# TASK TO CARRY OUT
The full set of records needs to be retyped exactly.
INPUT START
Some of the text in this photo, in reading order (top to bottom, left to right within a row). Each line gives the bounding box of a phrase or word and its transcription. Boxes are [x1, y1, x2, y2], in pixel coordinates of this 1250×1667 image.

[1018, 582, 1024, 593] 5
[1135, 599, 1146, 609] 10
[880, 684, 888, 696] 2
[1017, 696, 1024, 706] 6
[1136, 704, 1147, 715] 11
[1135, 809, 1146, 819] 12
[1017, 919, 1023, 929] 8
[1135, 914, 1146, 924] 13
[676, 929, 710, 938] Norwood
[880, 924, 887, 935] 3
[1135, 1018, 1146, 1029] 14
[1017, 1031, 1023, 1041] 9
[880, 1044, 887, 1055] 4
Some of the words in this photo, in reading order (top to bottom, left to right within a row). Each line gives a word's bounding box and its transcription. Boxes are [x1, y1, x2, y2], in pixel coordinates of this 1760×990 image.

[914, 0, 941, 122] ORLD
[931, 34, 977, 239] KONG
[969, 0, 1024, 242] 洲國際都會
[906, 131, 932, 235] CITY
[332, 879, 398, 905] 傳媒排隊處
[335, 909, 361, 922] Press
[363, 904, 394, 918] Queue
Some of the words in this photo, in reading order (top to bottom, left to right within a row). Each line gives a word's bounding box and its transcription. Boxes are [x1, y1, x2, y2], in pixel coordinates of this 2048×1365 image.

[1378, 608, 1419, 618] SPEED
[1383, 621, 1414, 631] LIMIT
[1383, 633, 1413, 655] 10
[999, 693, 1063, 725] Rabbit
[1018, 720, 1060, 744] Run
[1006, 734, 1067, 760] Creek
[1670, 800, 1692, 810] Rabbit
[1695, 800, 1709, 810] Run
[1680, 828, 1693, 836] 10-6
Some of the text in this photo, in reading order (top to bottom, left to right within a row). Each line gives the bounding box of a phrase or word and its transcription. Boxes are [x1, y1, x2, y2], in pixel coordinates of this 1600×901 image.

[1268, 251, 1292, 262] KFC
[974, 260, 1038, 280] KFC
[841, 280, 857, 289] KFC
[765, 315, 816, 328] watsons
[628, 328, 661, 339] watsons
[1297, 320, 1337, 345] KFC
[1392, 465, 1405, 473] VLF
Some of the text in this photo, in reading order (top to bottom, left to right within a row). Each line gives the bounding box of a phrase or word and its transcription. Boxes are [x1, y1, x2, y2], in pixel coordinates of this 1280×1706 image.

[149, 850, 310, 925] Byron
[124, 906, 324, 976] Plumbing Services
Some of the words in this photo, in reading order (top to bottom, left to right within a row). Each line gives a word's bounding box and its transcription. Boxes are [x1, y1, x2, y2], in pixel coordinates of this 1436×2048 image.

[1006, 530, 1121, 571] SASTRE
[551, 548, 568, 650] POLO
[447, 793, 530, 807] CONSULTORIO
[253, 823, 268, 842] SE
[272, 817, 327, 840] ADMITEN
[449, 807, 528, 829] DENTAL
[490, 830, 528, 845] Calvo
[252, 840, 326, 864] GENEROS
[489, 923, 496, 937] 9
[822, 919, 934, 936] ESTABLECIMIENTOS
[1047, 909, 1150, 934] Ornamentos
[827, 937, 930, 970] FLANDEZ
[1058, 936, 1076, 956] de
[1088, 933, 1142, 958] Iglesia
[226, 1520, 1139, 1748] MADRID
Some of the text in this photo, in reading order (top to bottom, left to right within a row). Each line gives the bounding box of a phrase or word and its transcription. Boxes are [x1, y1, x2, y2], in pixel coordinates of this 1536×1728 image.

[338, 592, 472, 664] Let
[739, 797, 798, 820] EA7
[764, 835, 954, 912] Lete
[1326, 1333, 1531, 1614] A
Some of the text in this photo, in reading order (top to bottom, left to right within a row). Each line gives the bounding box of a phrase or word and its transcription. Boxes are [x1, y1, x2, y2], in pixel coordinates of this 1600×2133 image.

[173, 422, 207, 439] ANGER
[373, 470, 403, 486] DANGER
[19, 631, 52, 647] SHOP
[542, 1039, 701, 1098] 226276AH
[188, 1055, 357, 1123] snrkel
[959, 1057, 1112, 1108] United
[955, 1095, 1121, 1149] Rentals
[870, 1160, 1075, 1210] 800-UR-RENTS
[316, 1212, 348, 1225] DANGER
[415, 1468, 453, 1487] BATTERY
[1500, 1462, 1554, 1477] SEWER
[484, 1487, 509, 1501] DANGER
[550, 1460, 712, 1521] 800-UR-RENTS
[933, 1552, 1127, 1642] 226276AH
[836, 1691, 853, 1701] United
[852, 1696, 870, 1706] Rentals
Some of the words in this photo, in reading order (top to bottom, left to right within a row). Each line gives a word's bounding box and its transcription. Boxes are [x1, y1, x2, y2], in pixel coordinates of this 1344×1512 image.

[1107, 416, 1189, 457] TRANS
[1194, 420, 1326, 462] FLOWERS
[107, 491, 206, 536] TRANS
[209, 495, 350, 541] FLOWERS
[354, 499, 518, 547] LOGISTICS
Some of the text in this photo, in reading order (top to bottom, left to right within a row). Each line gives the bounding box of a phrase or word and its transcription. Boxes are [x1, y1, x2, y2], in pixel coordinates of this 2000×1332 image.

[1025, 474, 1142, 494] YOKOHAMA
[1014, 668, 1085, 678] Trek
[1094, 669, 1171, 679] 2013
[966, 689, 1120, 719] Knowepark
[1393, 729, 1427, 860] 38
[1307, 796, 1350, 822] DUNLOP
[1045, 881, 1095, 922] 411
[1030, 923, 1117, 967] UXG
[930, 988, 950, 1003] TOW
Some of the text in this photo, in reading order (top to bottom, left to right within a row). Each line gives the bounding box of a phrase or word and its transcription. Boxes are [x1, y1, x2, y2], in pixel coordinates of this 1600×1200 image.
INPUT END
# EXERCISE RESPONSE
Some of the text in this photo, in reading order (top to bottom, left to right within a row). Each line gives the bounding box of a phrase or word and its transcription. Boxes are [x1, y1, x2, y2], in pixel coordinates of this 1250×1667 image.

[1018, 582, 1024, 593] 5
[1135, 599, 1146, 609] 10
[880, 684, 888, 696] 2
[1017, 696, 1024, 706] 6
[1136, 704, 1147, 715] 11
[1135, 809, 1146, 819] 12
[1017, 919, 1023, 929] 8
[1135, 914, 1146, 924] 13
[676, 929, 710, 938] Norwood
[880, 924, 887, 935] 3
[1135, 1018, 1146, 1029] 14
[1017, 1031, 1023, 1041] 9
[880, 1044, 887, 1055] 4
Some of the words in this photo, in reading order (top to bottom, left to right within a row). Each line gives a word's bounding box and its transcription. Boxes are [x1, y1, x2, y2], in pixel coordinates of this 1760×990 image.

[914, 0, 941, 122] ORLD
[931, 34, 977, 239] KONG
[969, 0, 1024, 242] 洲國際都會
[906, 131, 932, 235] CITY
[332, 879, 398, 905] 傳媒排隊處
[335, 909, 361, 922] Press
[363, 904, 394, 918] Queue
Some of the words in this photo, in reading order (top to bottom, left to right within a row). Each line gives a word's bounding box and its transcription. Boxes are [x1, y1, x2, y2], in pixel coordinates of this 2048×1365 image.

[1378, 608, 1419, 618] SPEED
[1383, 621, 1414, 631] LIMIT
[1383, 633, 1413, 655] 10
[999, 693, 1063, 725] Rabbit
[1018, 720, 1060, 744] Run
[1006, 734, 1067, 760] Creek
[1670, 800, 1692, 810] Rabbit
[1695, 800, 1709, 810] Run
[1680, 828, 1693, 836] 10-6
Some of the text in this photo, in reading order (top to bottom, left to right within a row). Each line gives the bounding box of a phrase or word and its transcription. Boxes are [x1, y1, x2, y2], in pixel coordinates of this 1600×901 image.

[1268, 251, 1292, 262] KFC
[974, 260, 1038, 280] KFC
[841, 280, 857, 289] KFC
[765, 315, 816, 328] watsons
[628, 328, 661, 339] watsons
[1297, 320, 1337, 345] KFC
[1392, 465, 1405, 473] VLF
Some of the text in this photo, in reading order (top to bottom, left to right within a row). Each line gives the bounding box of a phrase or word and its transcription. Boxes are [x1, y1, x2, y2], in pixel coordinates of this 1280×1706 image.

[149, 850, 310, 925] Byron
[124, 906, 324, 976] Plumbing Services
Some of the words in this photo, in reading order (top to bottom, left to right within a row). Each line gives a word's bounding box and its transcription. Boxes are [x1, y1, x2, y2], in pixel coordinates of this 1436×2048 image.

[1006, 530, 1121, 571] SASTRE
[551, 548, 568, 650] POLO
[447, 793, 530, 807] CONSULTORIO
[253, 823, 268, 842] SE
[272, 817, 327, 840] ADMITEN
[449, 807, 528, 829] DENTAL
[490, 830, 528, 845] Calvo
[252, 840, 326, 864] GENEROS
[489, 923, 496, 937] 9
[822, 919, 934, 936] ESTABLECIMIENTOS
[1047, 909, 1150, 934] Ornamentos
[827, 937, 930, 970] FLANDEZ
[1058, 936, 1076, 956] de
[1088, 933, 1142, 958] Iglesia
[226, 1520, 1139, 1748] MADRID
Some of the text in this photo, in reading order (top to bottom, left to right within a row). Each line gives the bounding box of a phrase or word and its transcription. Boxes are [x1, y1, x2, y2], in pixel coordinates of this 1536×1728 image.

[338, 592, 472, 664] Let
[739, 797, 798, 820] EA7
[764, 835, 954, 912] Lete
[1326, 1333, 1531, 1614] A
Some of the text in this photo, in reading order (top to bottom, left to right within a row). Each line gives the bounding box of a phrase or word and its transcription. Boxes are [x1, y1, x2, y2], in pixel coordinates of this 1600×2133 image.

[173, 422, 207, 439] ANGER
[373, 470, 403, 486] DANGER
[19, 631, 52, 647] SHOP
[542, 1039, 701, 1098] 226276AH
[188, 1055, 357, 1123] snrkel
[959, 1057, 1112, 1108] United
[955, 1095, 1121, 1149] Rentals
[870, 1160, 1075, 1210] 800-UR-RENTS
[316, 1212, 348, 1225] DANGER
[415, 1468, 453, 1487] BATTERY
[1500, 1462, 1554, 1477] SEWER
[484, 1487, 509, 1501] DANGER
[550, 1460, 712, 1521] 800-UR-RENTS
[933, 1552, 1127, 1642] 226276AH
[836, 1691, 853, 1701] United
[852, 1696, 870, 1706] Rentals
Some of the words in this photo, in reading order (top to bottom, left to right within a row). Each line gives a word's bounding box and its transcription. Boxes are [x1, y1, x2, y2], in pixel coordinates of this 1344×1512 image.

[1107, 416, 1189, 457] TRANS
[1194, 420, 1326, 462] FLOWERS
[107, 491, 206, 536] TRANS
[209, 495, 350, 541] FLOWERS
[354, 499, 518, 547] LOGISTICS
Some of the text in this photo, in reading order (top to bottom, left to right within a row). Each line gives the bounding box of a phrase or word and its transcription. Boxes are [x1, y1, x2, y2], in pixel coordinates of this 2000×1332 image.

[1025, 474, 1142, 494] YOKOHAMA
[1014, 668, 1085, 678] Trek
[1094, 669, 1171, 679] 2013
[966, 689, 1120, 719] Knowepark
[1393, 729, 1427, 860] 38
[1307, 796, 1350, 822] DUNLOP
[1045, 881, 1095, 922] 411
[1030, 923, 1117, 967] UXG
[930, 988, 950, 1003] TOW
Some of the text in this photo, in reading order (top to bottom, left to right within a row). Each line gives the bounding box of a phrase or word and its transcription. Boxes are [x1, y1, x2, y2], in pixel coordinates of this 1600×1200 image.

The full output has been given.